The Patient Protection and Affordable Care Act, both historic and but the first in a series of crucial reforms, isn’t a perfect bill. It is a shaky marriage of ideology within a flawed system. But it is a brave act of government, an argument that we can pull this country together bit by bit, together. Because while we respect fiercely our individualism, our freedom, we can’t and won’t ignore our fellow citizens. At the signing ceremony midday Tuesday, Obama said:
We are affirming that essential truth ... that we are not a nation that scales back its aspirations, we are not a nation that falls prey to doubt or mistrust. We don't fall prety to fear, we are not a nation that does what's easy—that's not who we are, that's not how we got here ... We shape our own destiny; that is what we do; that is who we are.

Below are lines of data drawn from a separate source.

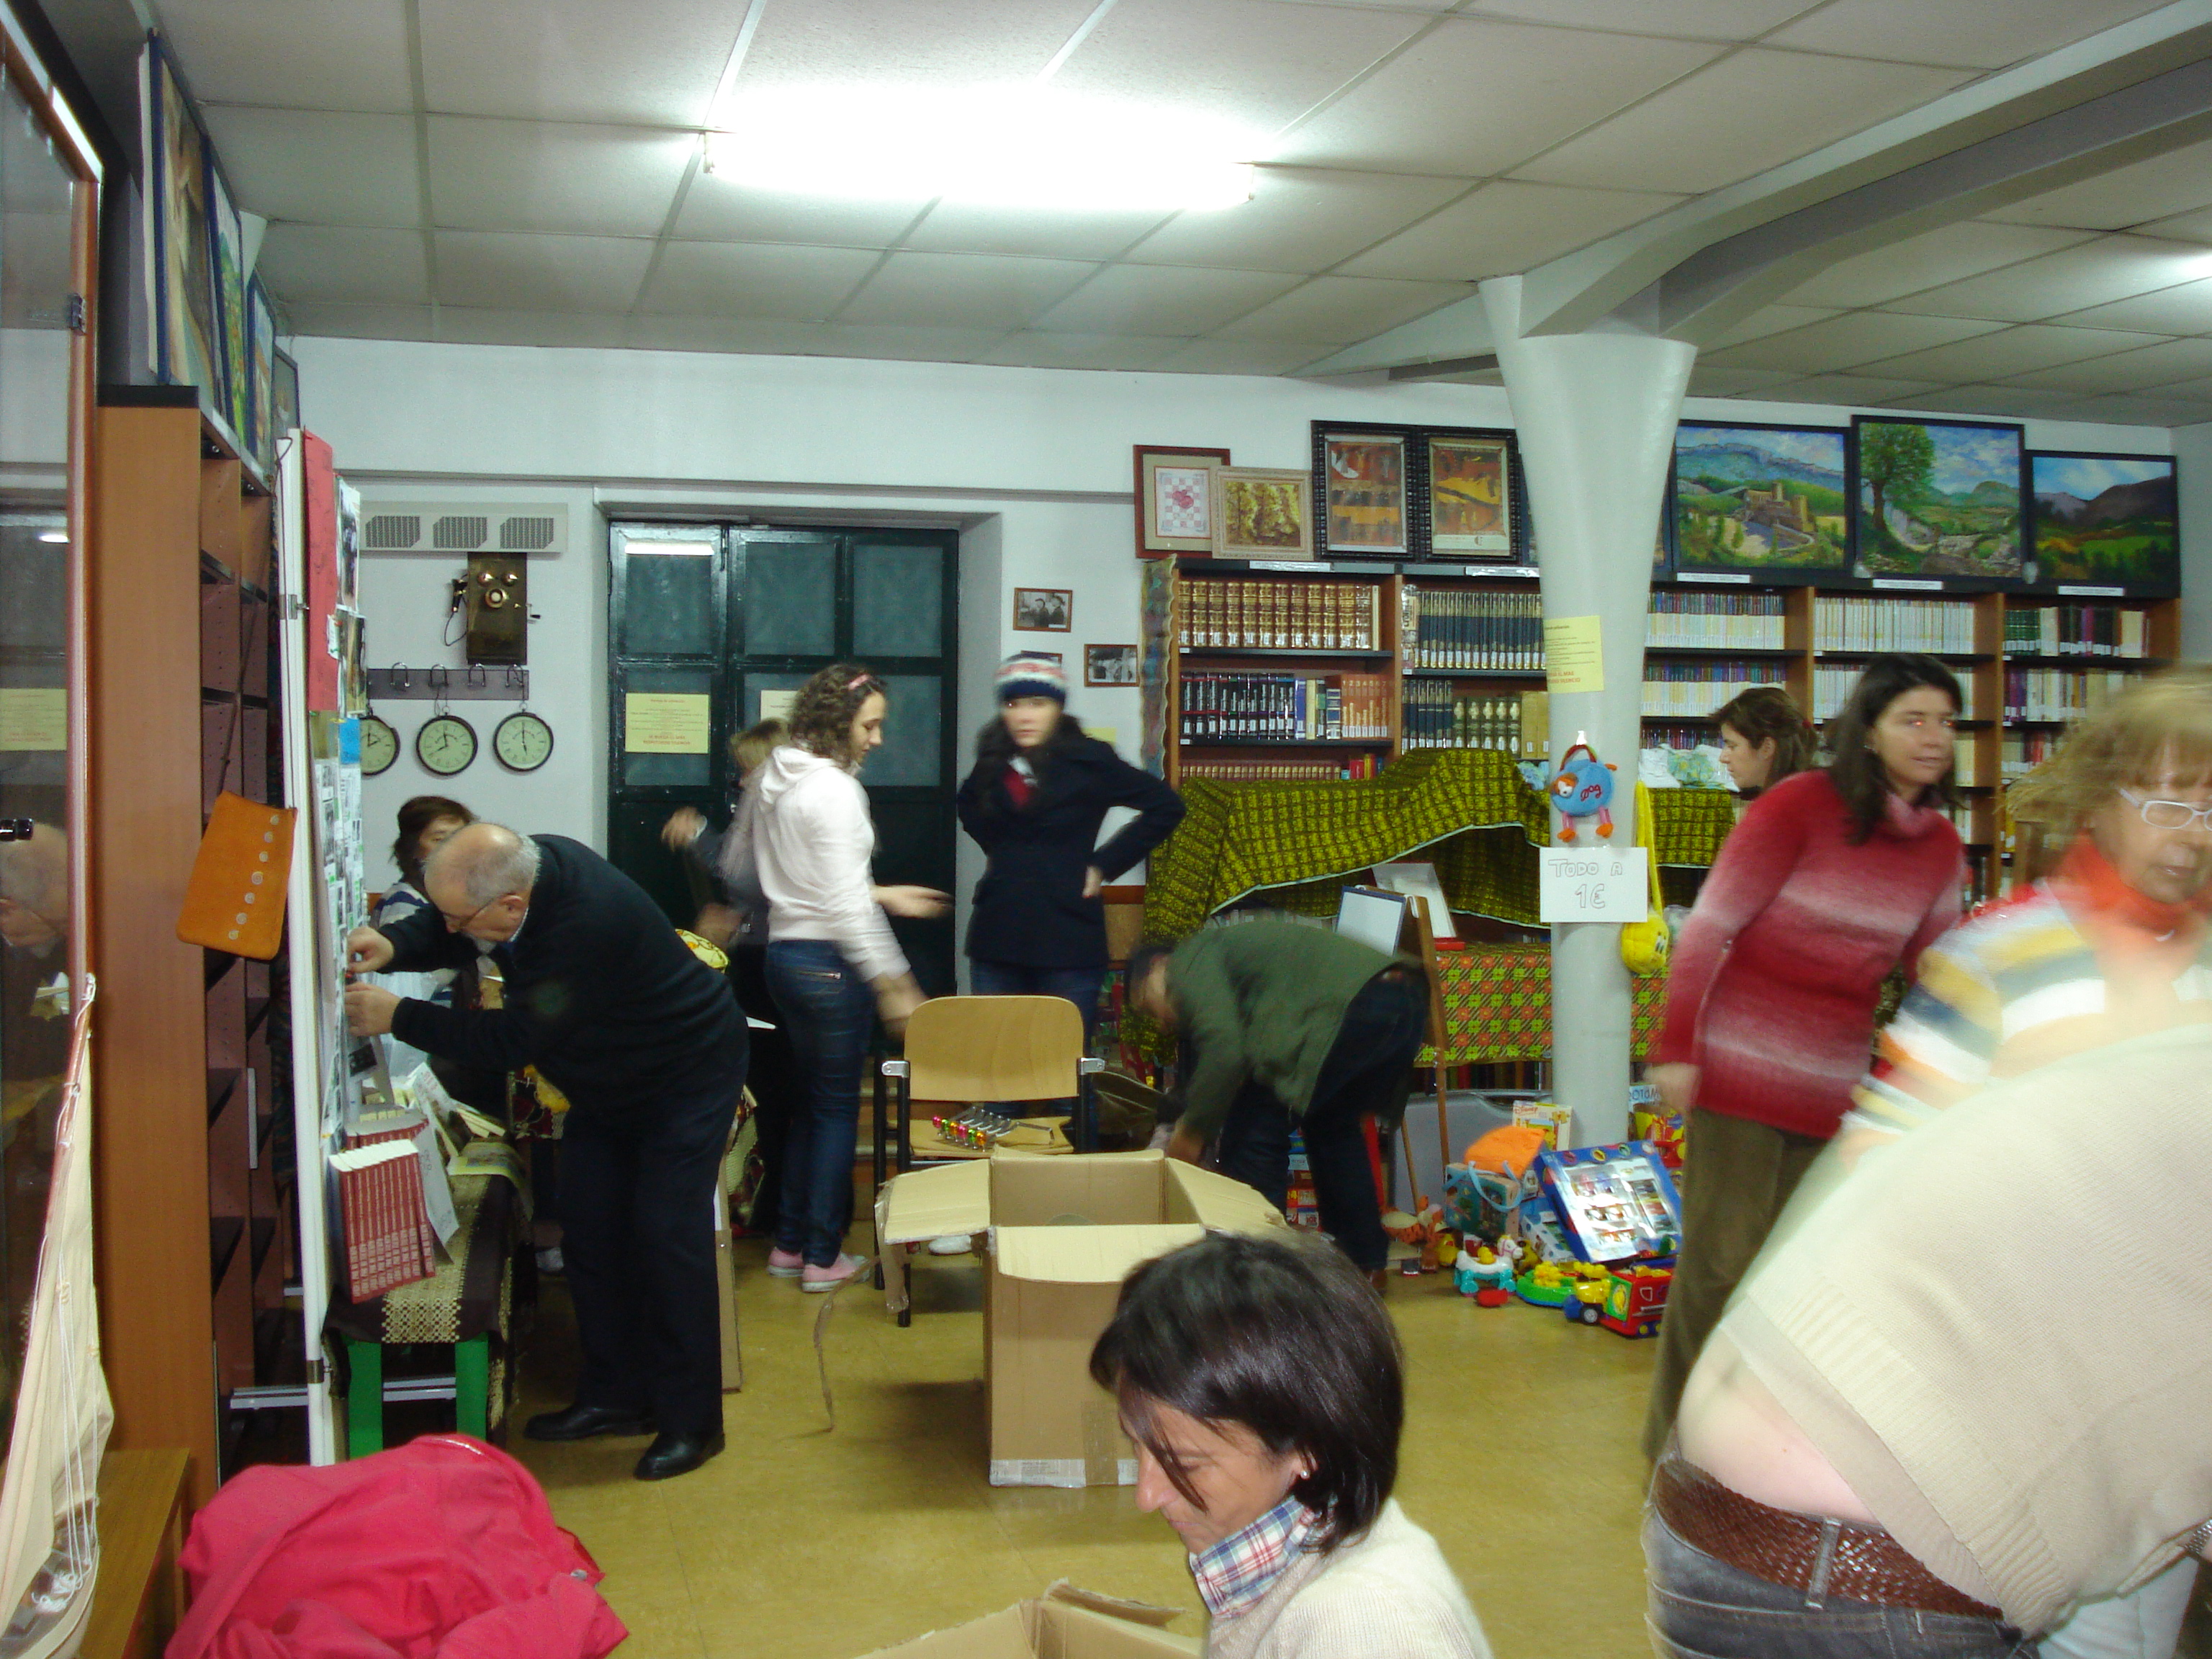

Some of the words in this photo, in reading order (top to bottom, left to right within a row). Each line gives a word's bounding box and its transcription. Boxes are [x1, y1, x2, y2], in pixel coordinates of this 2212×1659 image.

[1548, 858, 1599, 878] TODO
[1610, 862, 1623, 876] A
[1575, 884, 1606, 909] 1€
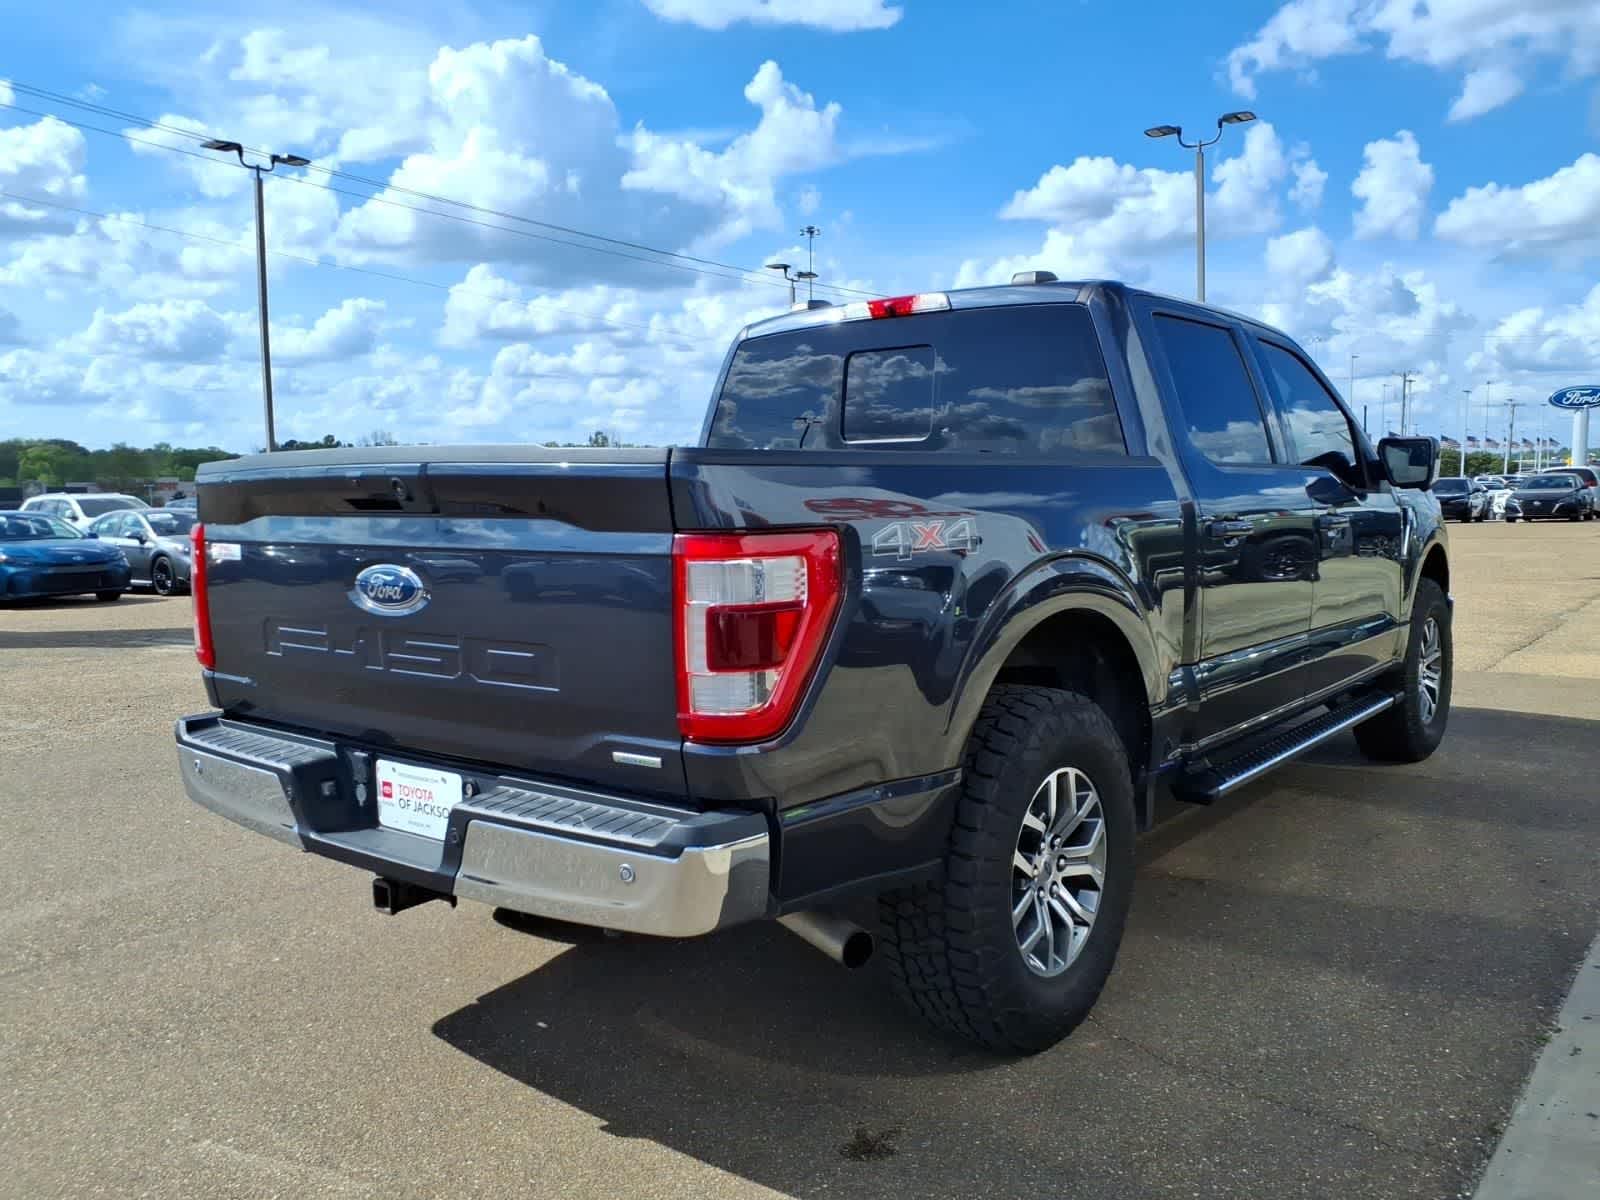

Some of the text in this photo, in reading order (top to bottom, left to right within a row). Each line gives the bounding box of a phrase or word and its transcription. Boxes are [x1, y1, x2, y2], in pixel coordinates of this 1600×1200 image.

[1562, 389, 1600, 405] Ford
[367, 573, 405, 600] Ford
[263, 617, 560, 692] F-150
[398, 783, 434, 801] TOYOTA
[398, 798, 412, 811] OF
[413, 800, 450, 820] JACKSO

Extending health care to 30 million Americans isn't easy, and it's going to take herculean efforts to keep it all on the rails in the years and decades to come. Reconciling necessary reforms with legitimate small-government concerns will take patience. But that's the struggle, the inherent tension, that continuously pushes America to evolve for the better. When it comes down to it, when everything is partisan and nothing seems to be working, we can’t ignore the invisible and historical bonds of ownership—collective ownership—of this country and its unyielding promise.